◆ Exercise aim
Go through the entries below and retype them exactly, omitting each picture.
------------------------------------
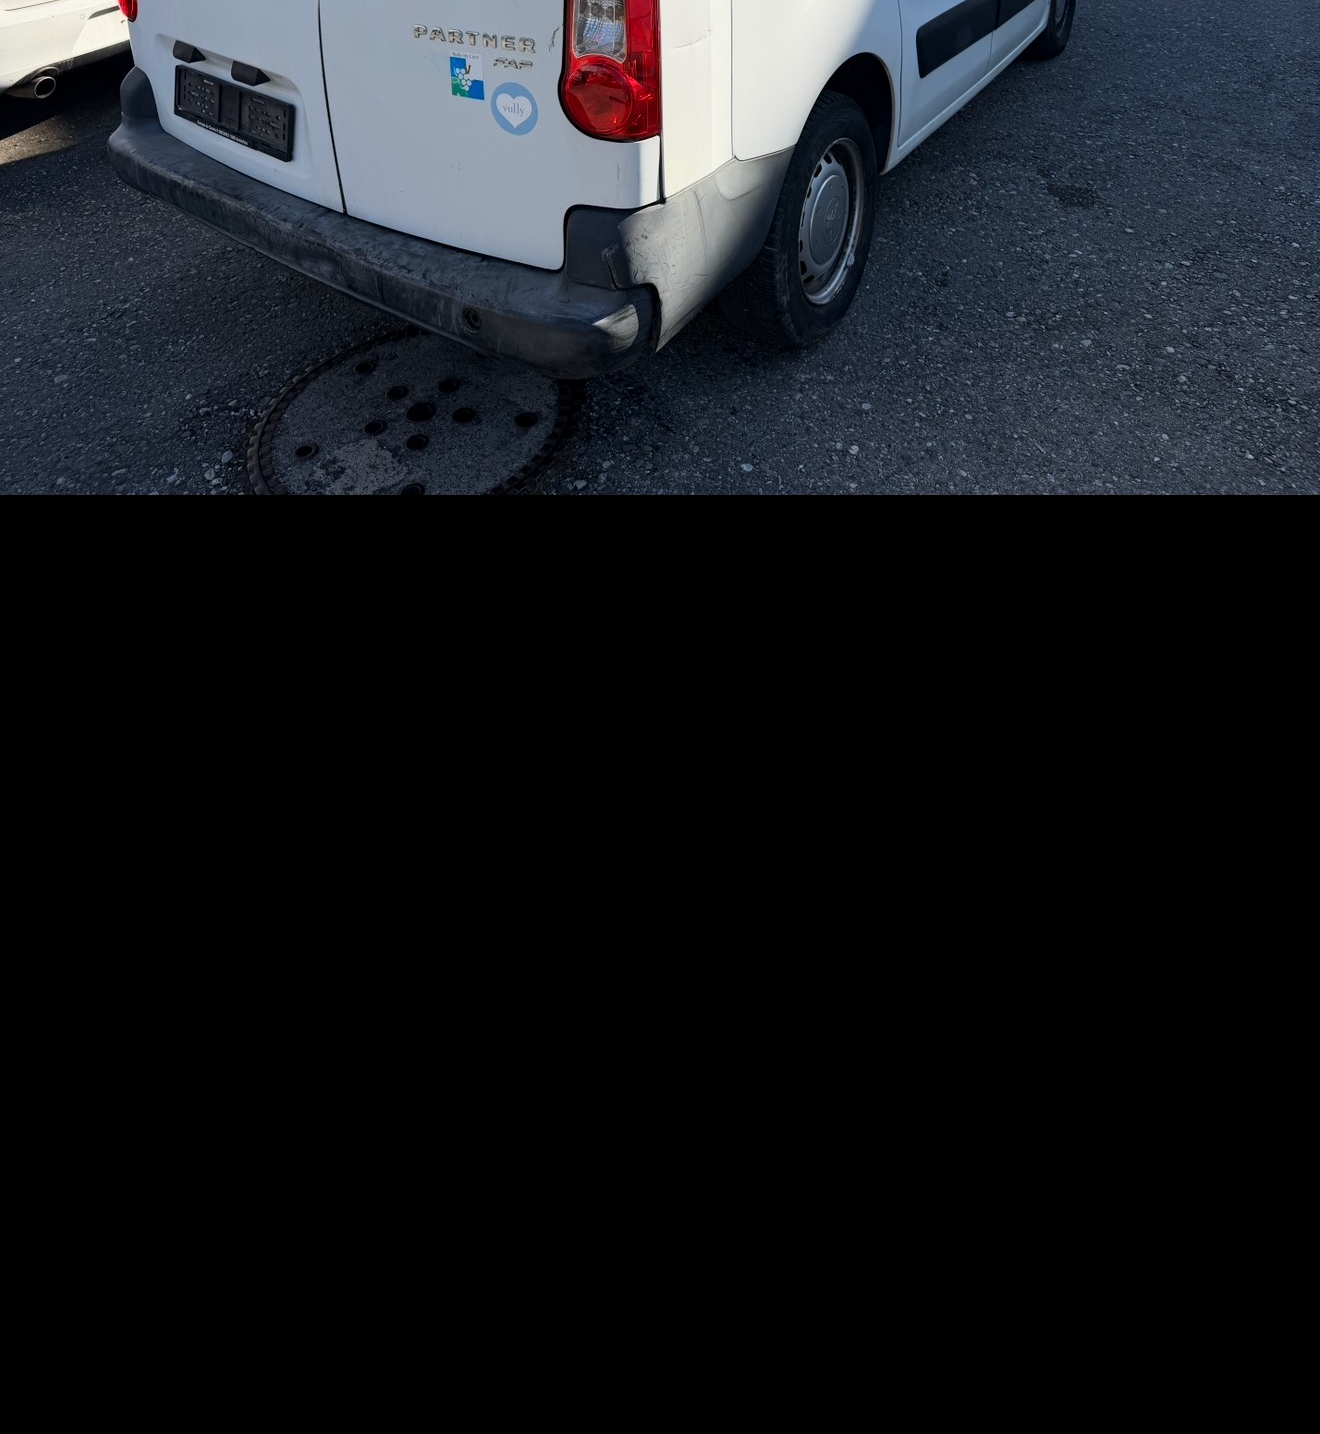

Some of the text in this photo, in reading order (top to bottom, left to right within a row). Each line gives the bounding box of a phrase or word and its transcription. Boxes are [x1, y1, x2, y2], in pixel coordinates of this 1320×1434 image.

[413, 24, 536, 54] PARTNER
[493, 57, 533, 69] FAP
[502, 103, 525, 118] vully
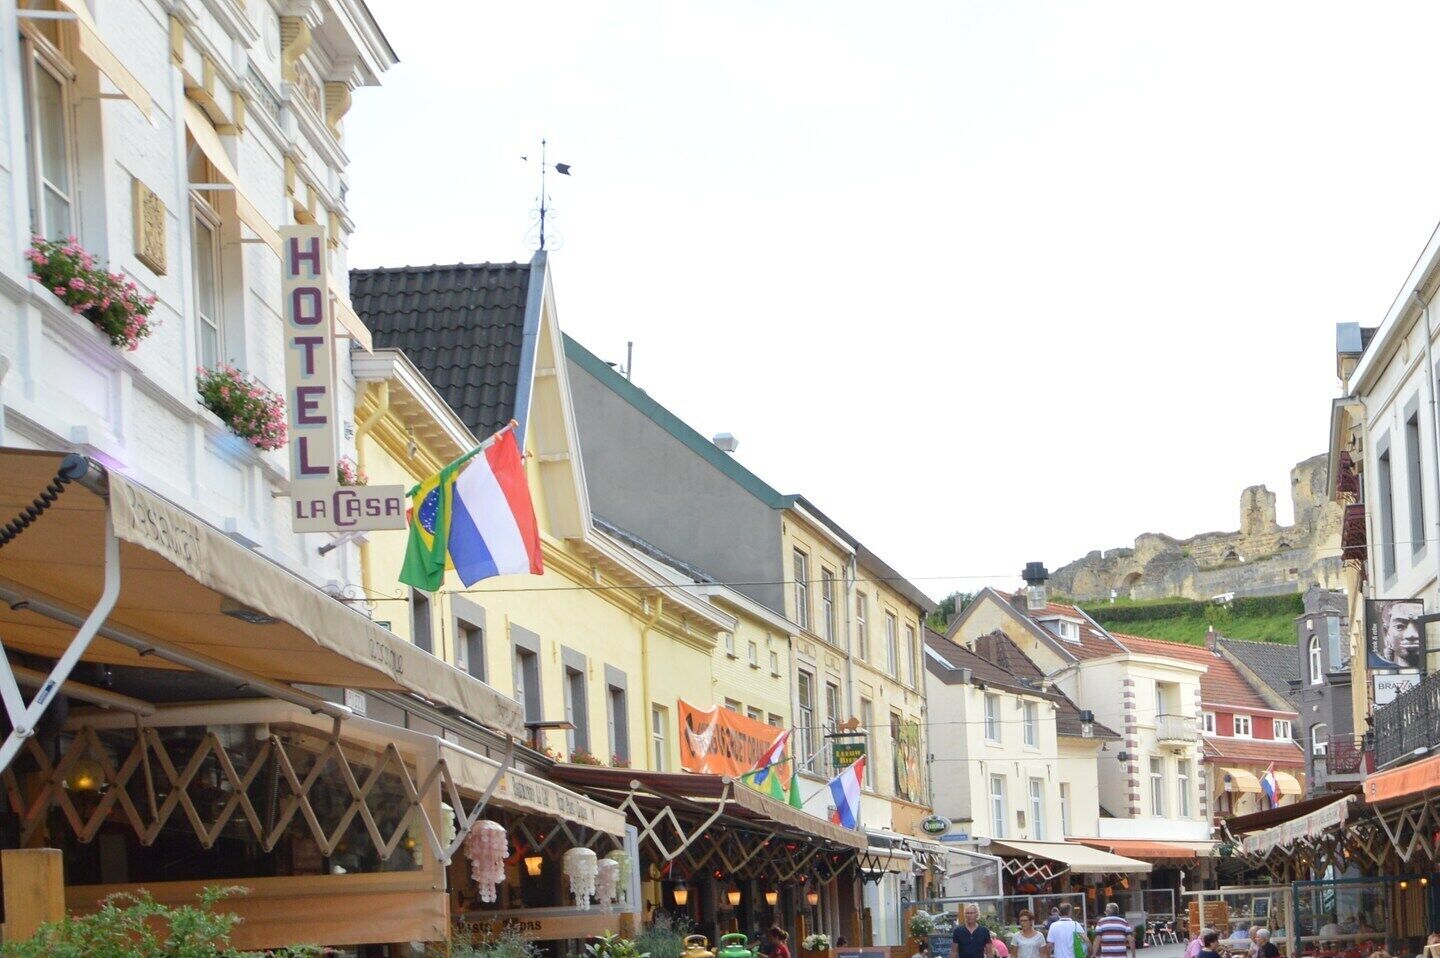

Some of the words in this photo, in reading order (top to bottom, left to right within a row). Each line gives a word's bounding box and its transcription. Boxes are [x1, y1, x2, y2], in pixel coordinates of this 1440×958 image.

[289, 237, 330, 475] HOTEL
[296, 500, 326, 519] LA
[333, 490, 401, 526] CASA
[1378, 679, 1414, 692] BRAZZA
[503, 918, 542, 932] Tpas
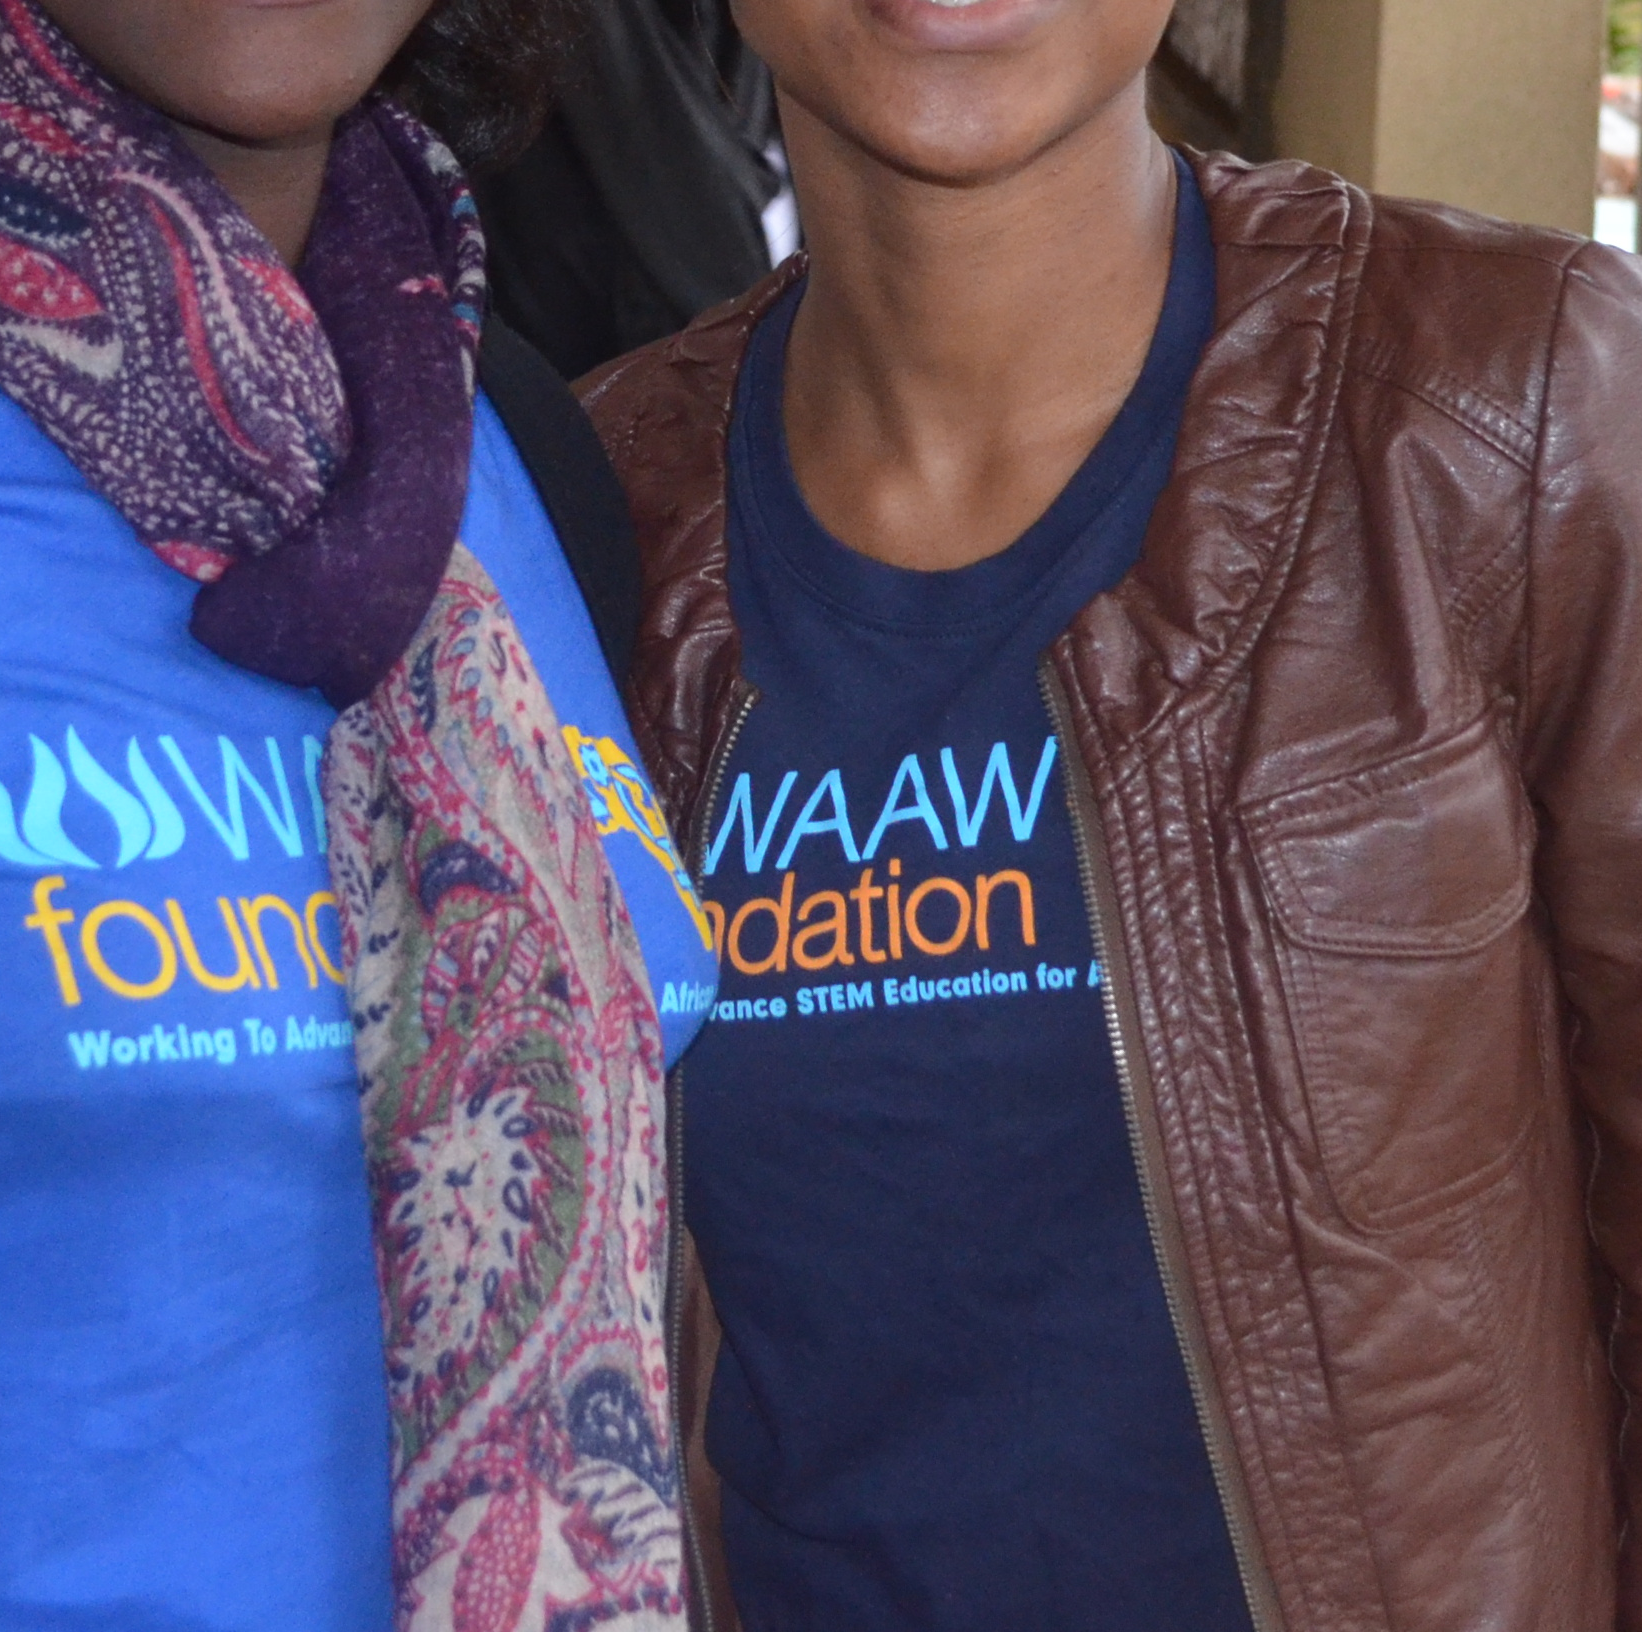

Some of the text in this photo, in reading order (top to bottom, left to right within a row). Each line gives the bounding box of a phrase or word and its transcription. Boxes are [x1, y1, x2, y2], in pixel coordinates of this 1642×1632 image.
------------------------------------
◆ Exercise result
Some of the text in this photo, in reading order (top to bottom, left to right within a row). Each line gives the bounding box of a phrase or word and its transcription. Boxes are [x1, y1, x2, y2], in pixel coordinates of this 1320×1434 image.

[413, 24, 536, 54] PARTNER
[493, 57, 533, 69] FAP
[502, 103, 525, 118] vully

Some of the words in this photo, in reading order (top to bottom, left to right within a row). Each line gives a word's bounding box and its transcription. Boxes are [x1, y1, x2, y2], in pixel coordinates of this 1440×958 image.

[289, 237, 330, 475] HOTEL
[296, 500, 326, 519] LA
[333, 490, 401, 526] CASA
[1378, 679, 1414, 692] BRAZZA
[503, 918, 542, 932] Tpas

Some of the text in this photo, in reading order (top to bottom, left to right within a row). Each line gives the bounding box of a phrase or word and its transcription. Boxes are [x1, y1, x2, y2], in pixel coordinates of this 1642×1632 image.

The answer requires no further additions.